Le Code de la propriété intellectuelle définit plus précisément la marque en tant que notion juridique. L’article L-711-1, tel que modifié par l’ordonnance n°2019-1169 du 13 novembre 2019, indique que la marque, de services ou de produits, est « un signe servant à distinguer les produits ou services d’une personne physique ou morale de ceux d’autres personnes physiques ou morales. Ce signe doit pouvoir être représenté dans le registre national des marques de manière à permettre à toute personne de déterminer précisément et clairement l’objet de la protection conférée à son titulaire ».
La fonction première de la marque, au sens du Code de la propriété intellectuelle, est donc de distinguer des produits ou des services par rapport à d’autres.
Le nom de famille utilisé en tant que marque est visé par l’expression « marque patronymique ».
Les marques constituées d’un nom de famille peuvent reposer sur le nom de leur titulaire, ou sur le nom d’un tiers ; dans ce cas, lorsque le nom de famille est notoirement connu, ces marques supposent que leur déposant dispose d’une autorisation d’usage du nom.
Si par principe le nom patronymique est considéré comme un droit de la personnalité inaliénable et imprescriptible, l’ancien article L.711-1 alinéa 2 a) du Code de la propriété intellectuelle, codifié par la loi du 3 juillet 1992, prévoyait la possibilité d’enregistrer son patronyme à titre de marque, et par conséquent d’en faire une exploitation commerciale. L’ordonnance du 13 novembre 2019 a modifié cet article, ce dernier n’indique plus désormais quels sont les signes susceptibles de composer une marque.

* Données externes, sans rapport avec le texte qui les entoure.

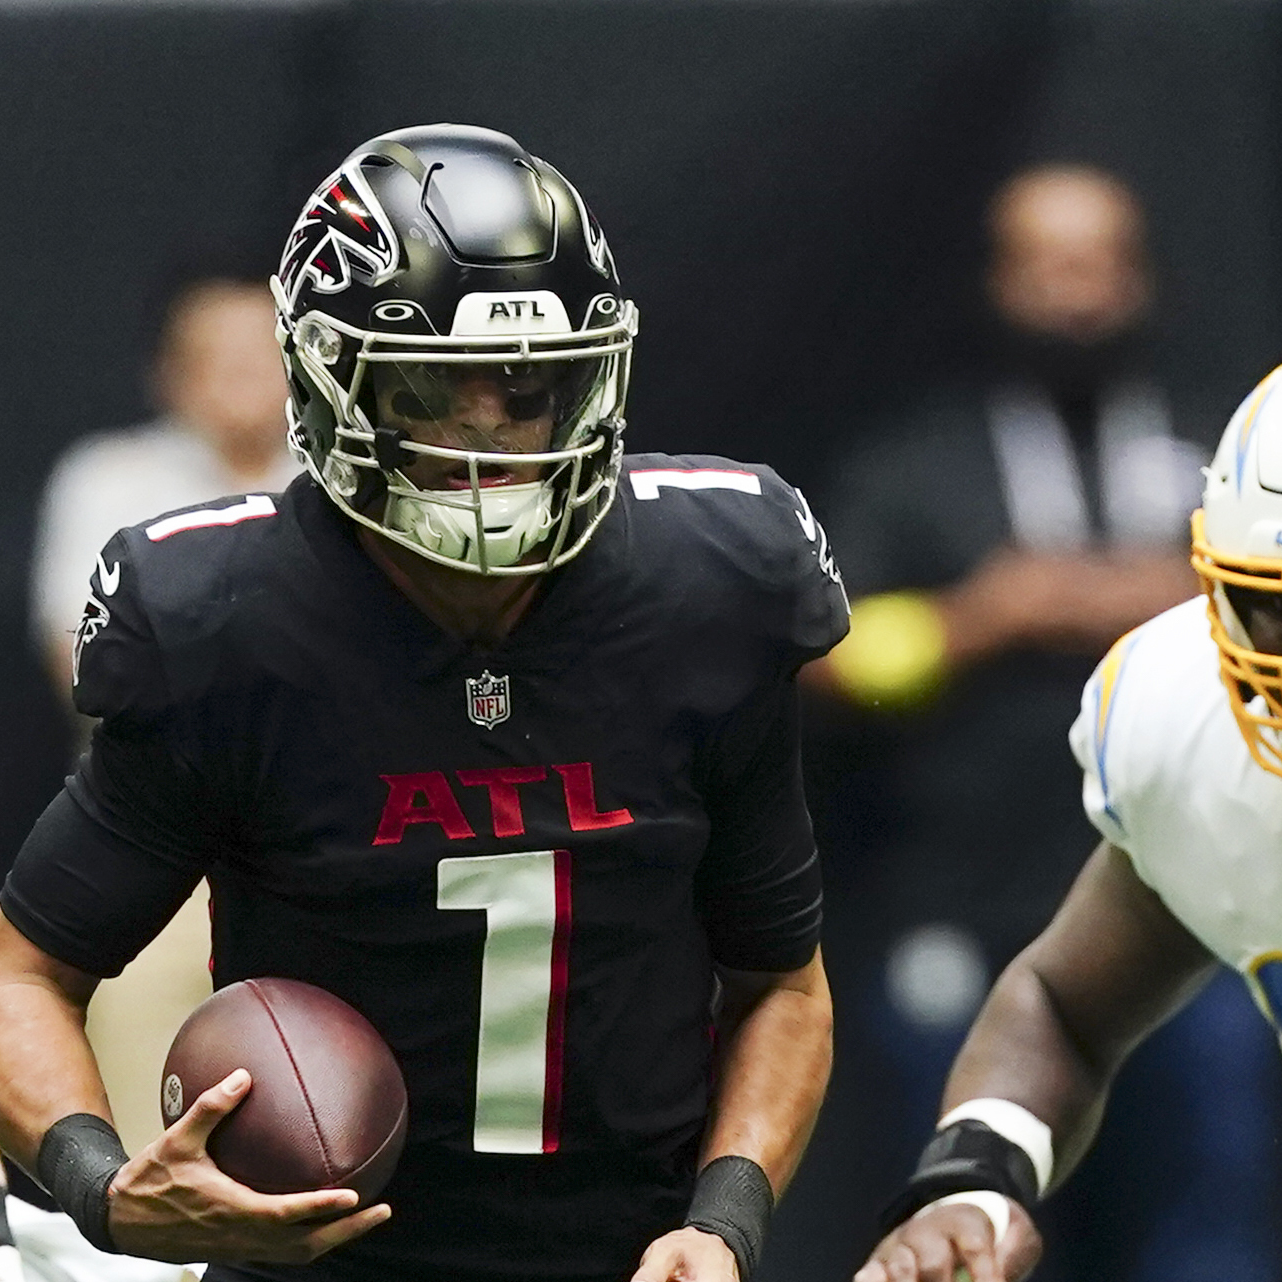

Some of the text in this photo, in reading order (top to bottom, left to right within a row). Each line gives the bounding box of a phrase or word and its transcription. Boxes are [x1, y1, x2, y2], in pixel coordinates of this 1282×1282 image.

[487, 300, 545, 319] ATL
[628, 467, 763, 500] 1
[474, 696, 504, 719] NFL
[371, 762, 635, 846] ATL
[436, 849, 572, 1154] 1
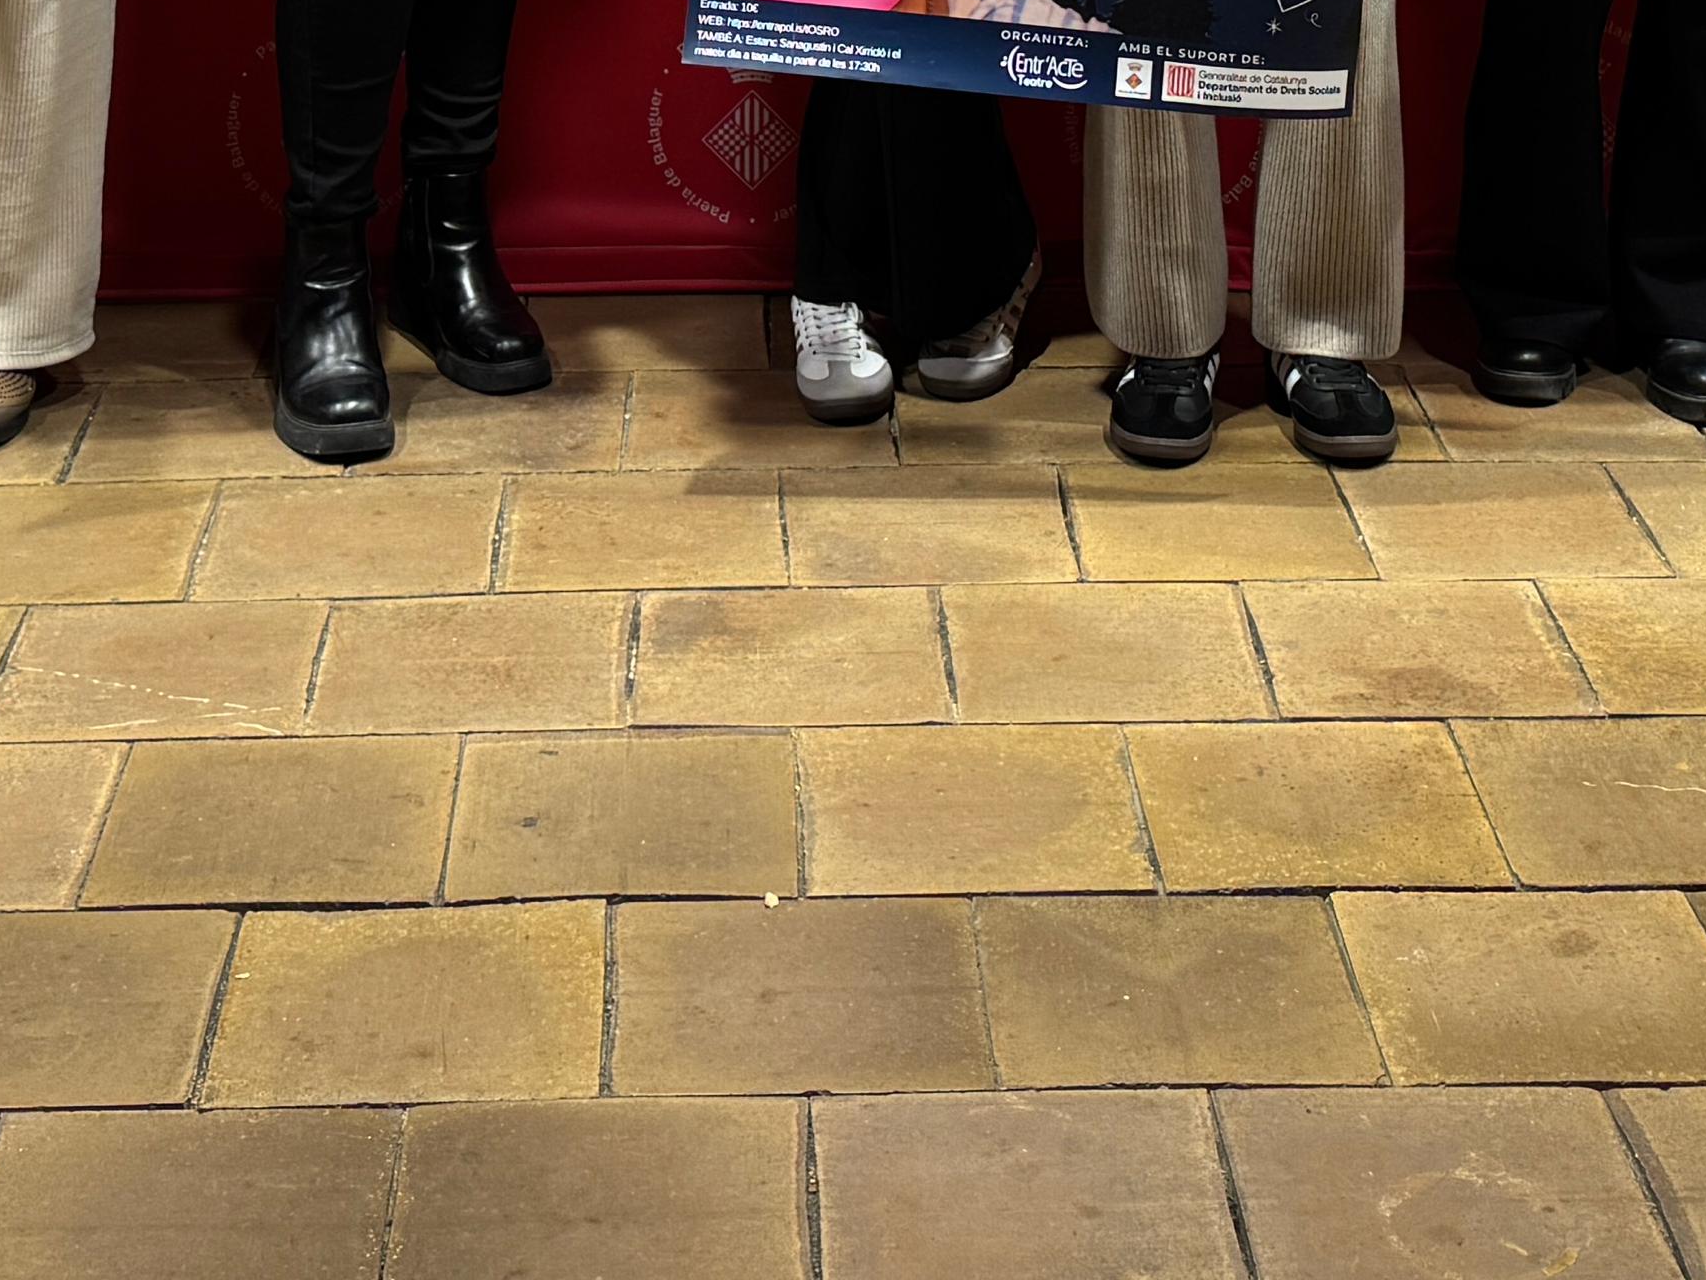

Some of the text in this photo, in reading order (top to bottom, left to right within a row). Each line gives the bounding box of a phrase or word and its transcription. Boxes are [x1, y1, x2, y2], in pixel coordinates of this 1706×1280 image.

[1000, 30, 1089, 48] ORGANITZA:
[1118, 41, 1266, 65] AMB EL SUPORT DE:
[1017, 76, 1053, 89] Teatre

Un riche contentieux entoure les marques patronymiques. Ce contentieux peut naitre notamment au moment de la cession de ces marques ou lors de la cession de l’entreprise qui les exploite. La cession d’une société entraine avec elle la cession des marques qui lui appartiennent. Cela vaut également pour les marques patronymiques, même si le porteur du nom cède ses droits dans la société. Les juges ont pu se prononcer à de nombreuses reprises sur de telles situations.

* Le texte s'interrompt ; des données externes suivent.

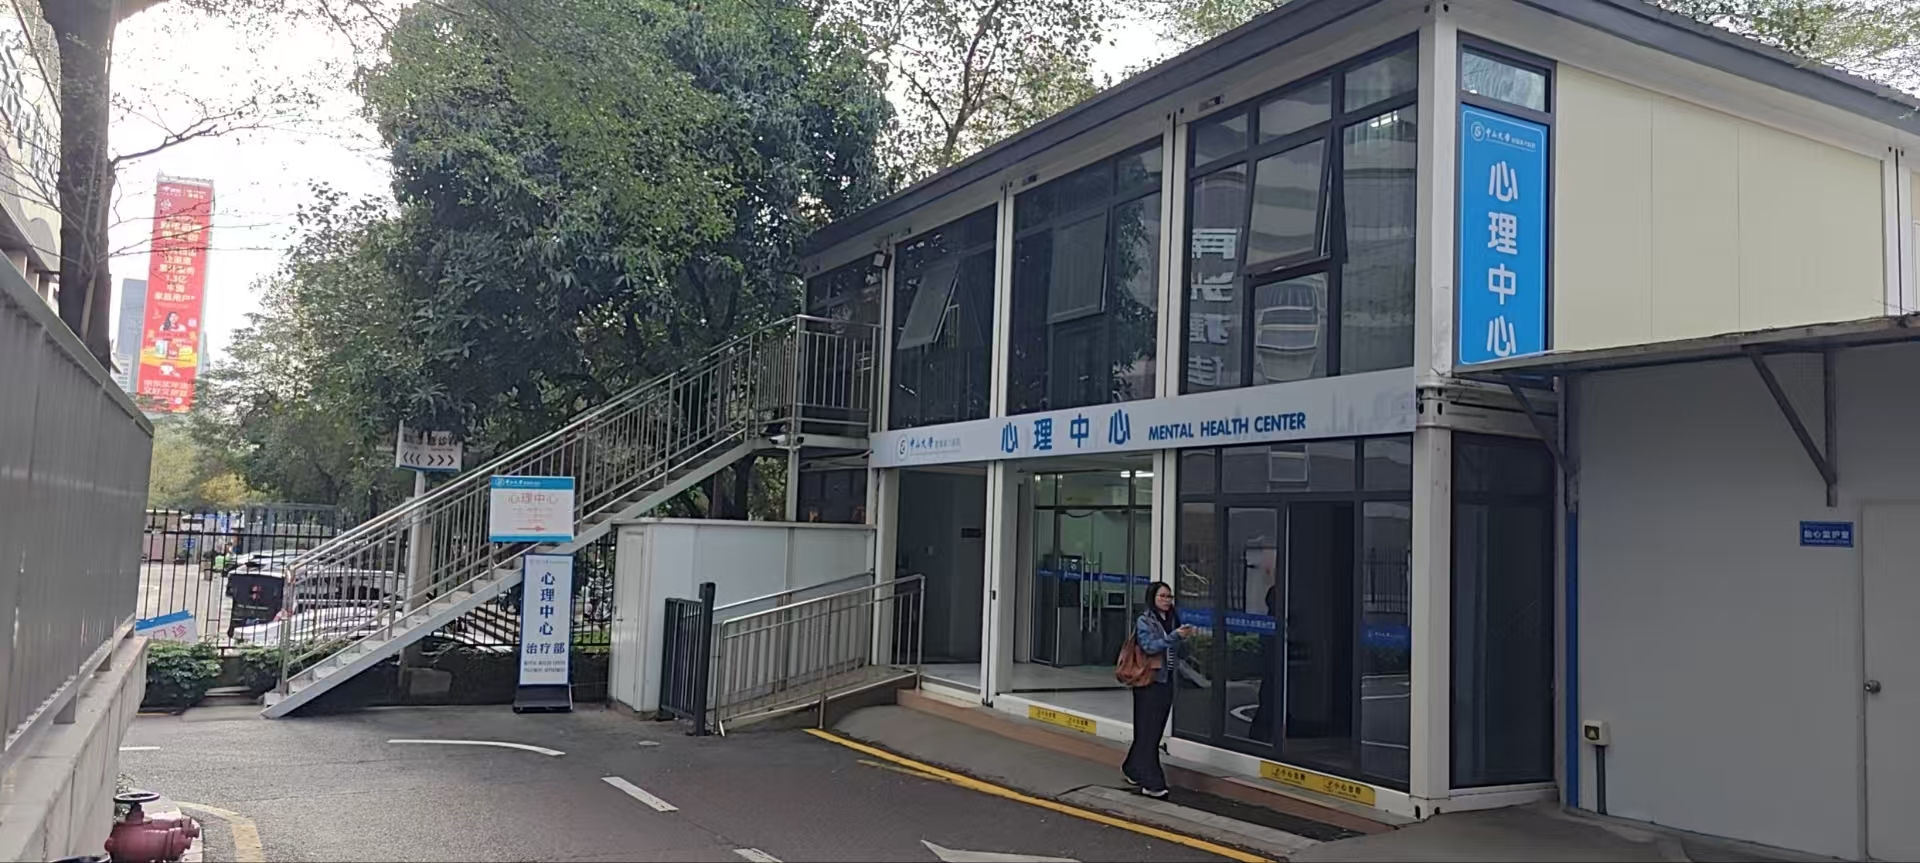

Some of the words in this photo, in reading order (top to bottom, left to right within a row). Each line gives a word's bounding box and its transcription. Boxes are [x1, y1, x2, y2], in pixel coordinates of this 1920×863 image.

[1486, 160, 1518, 357] 心理中心
[1000, 408, 1131, 454] 心理中心
[1148, 422, 1194, 441] MENTAL
[1200, 417, 1249, 437] HEALTH
[1254, 412, 1306, 433] CENTER
[505, 492, 559, 505] 心理中心
[539, 571, 556, 636] 心理中心
[526, 642, 565, 655] 治疗部

A ce titre, l’affaire Inès de la Fressange[1] en fait la parfaite illustration. Il ressort de cet arrêt, qu’en cas de marques déposées avant le départ du fondateur, le cédant doit s’abstenir de tout acte qui serait de nature à gêner l’exploitation de la marque par le cessionnaire. Le cessionnaire peut donc continuer d’exploiter la marque patronymique, constituée du patronyme du cédant. Ici, le droit des marques prime sur le droit au nom.
Ainsi, en cas de « sortie » du fondateur initial d’une société ayant déposé son nom patronymique à titre de marque, il est souvent conclu ce que l’on appelle « une convention de non-usage d’un nom patronymique » dans la vie des affaires. Cette convention est une cession du nom patronymique, même si en réalité cette cession ne vaut que pour la vie des affaires. Le cédant ne peut pas être totalement privé de son nom de famille, qui est attaché à sa personnalité juridique, conformément au droit au nom.

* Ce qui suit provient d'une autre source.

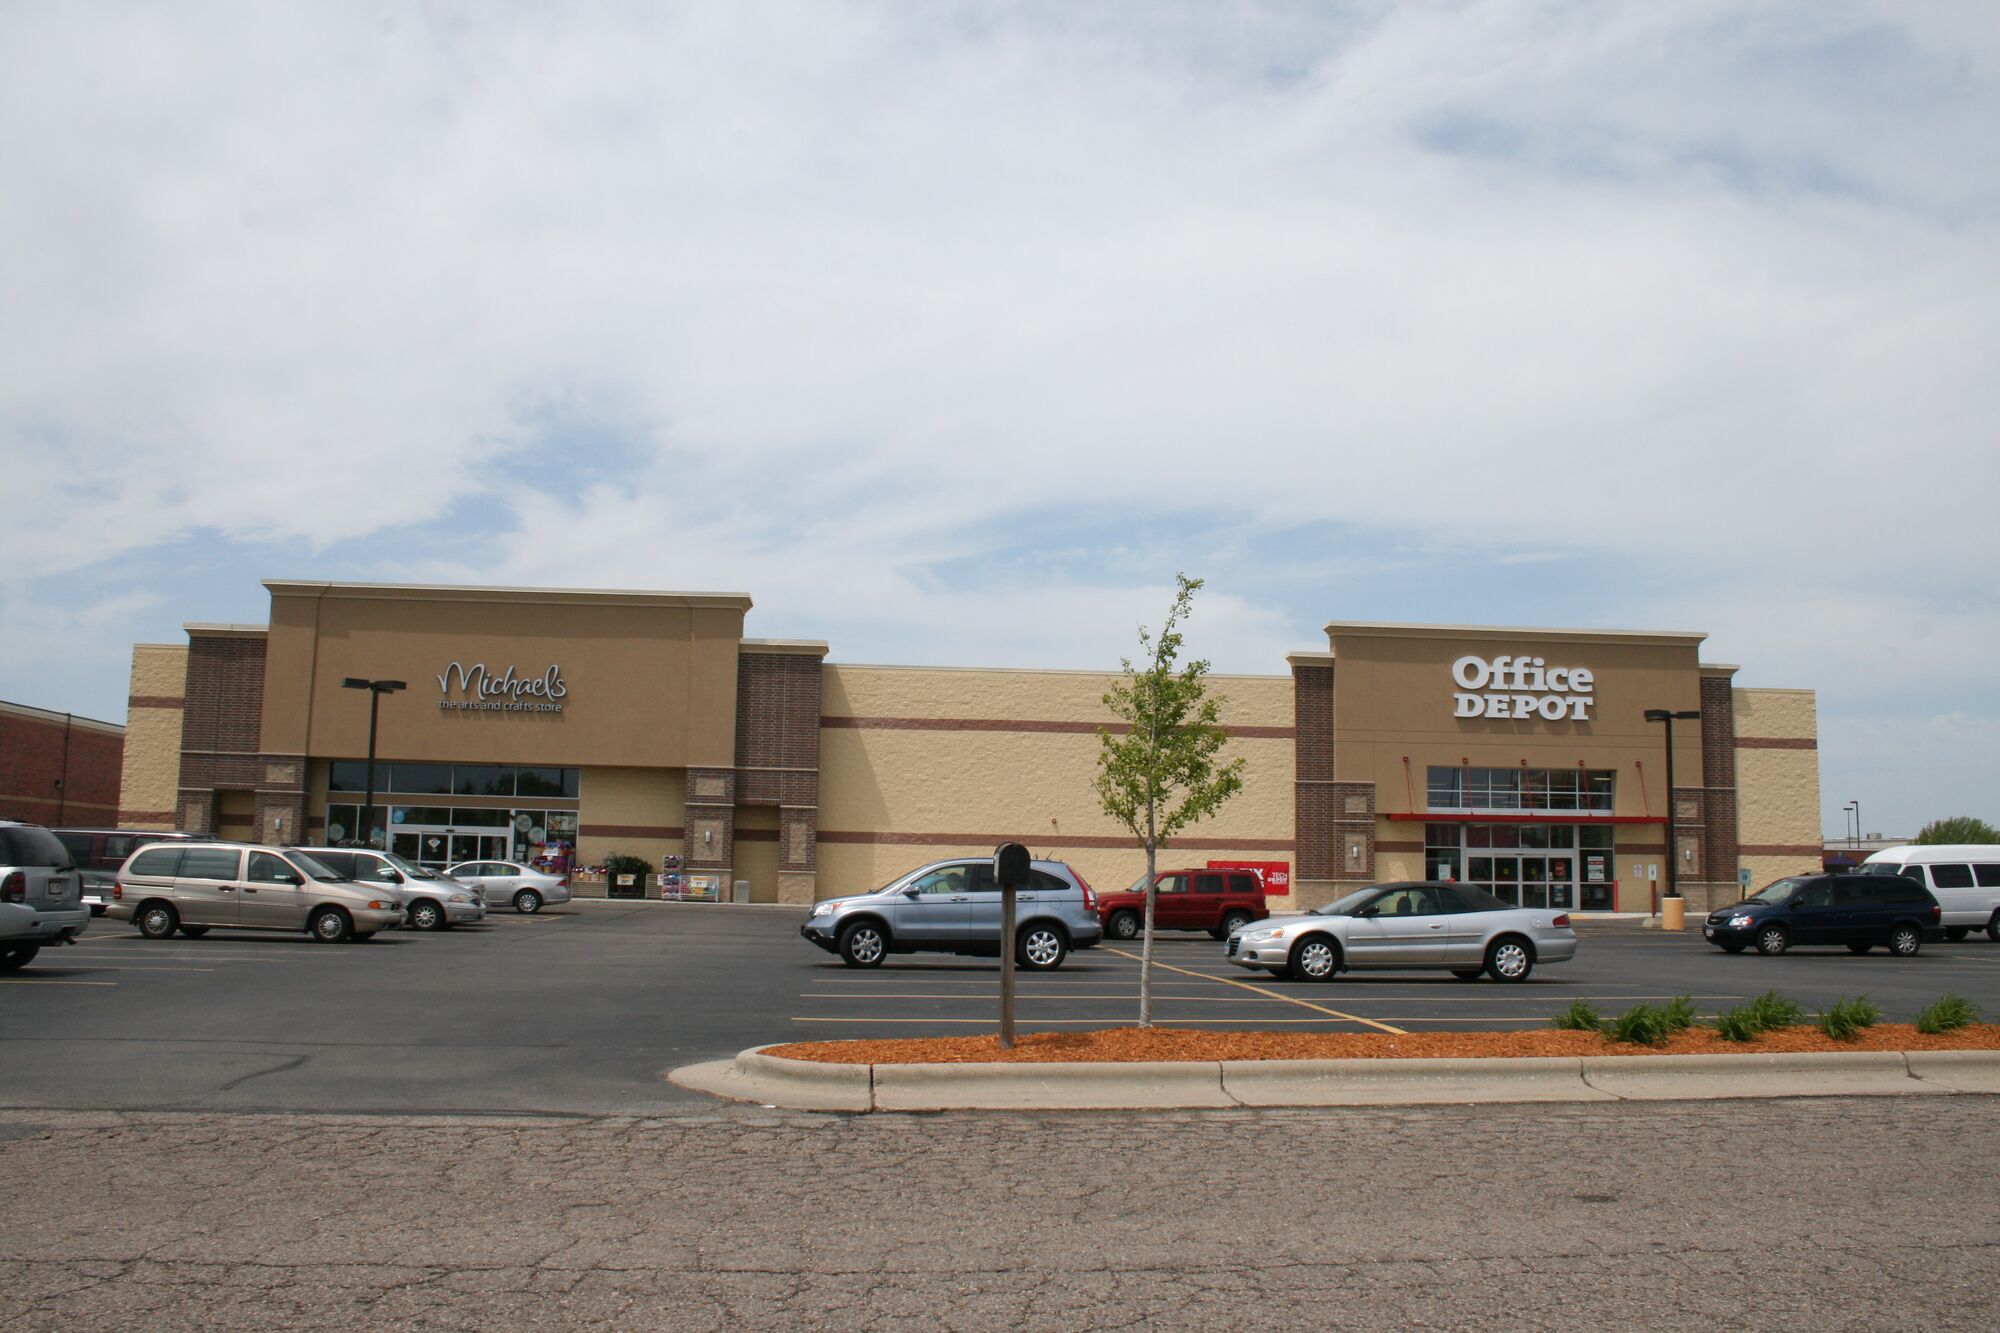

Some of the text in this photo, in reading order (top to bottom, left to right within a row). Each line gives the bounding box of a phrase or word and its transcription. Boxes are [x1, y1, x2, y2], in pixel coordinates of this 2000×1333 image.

[437, 662, 567, 702] Michaels
[1452, 655, 1594, 692] Office
[439, 700, 562, 712] the arts and crafts store
[1453, 693, 1594, 721] DEPOT

Cette convention de non-usage du nom patronymique, même si elle était conclue à titre temporaire, n’autorise pas les parties à déposer par la suite ce nom en tant que marque, si cela occasionne un risque de confusion dans l’esprit du public quant à l’origine des produits ou services. Cette solution ressort d’une décision du Tribunal de l’Union européenne rendue le premier mars 2018, l’affaire Cipriani[2]. Dans cette affaire, les parties au litige étaient membres de la même famille, et disposaient donc du même nom patronymique.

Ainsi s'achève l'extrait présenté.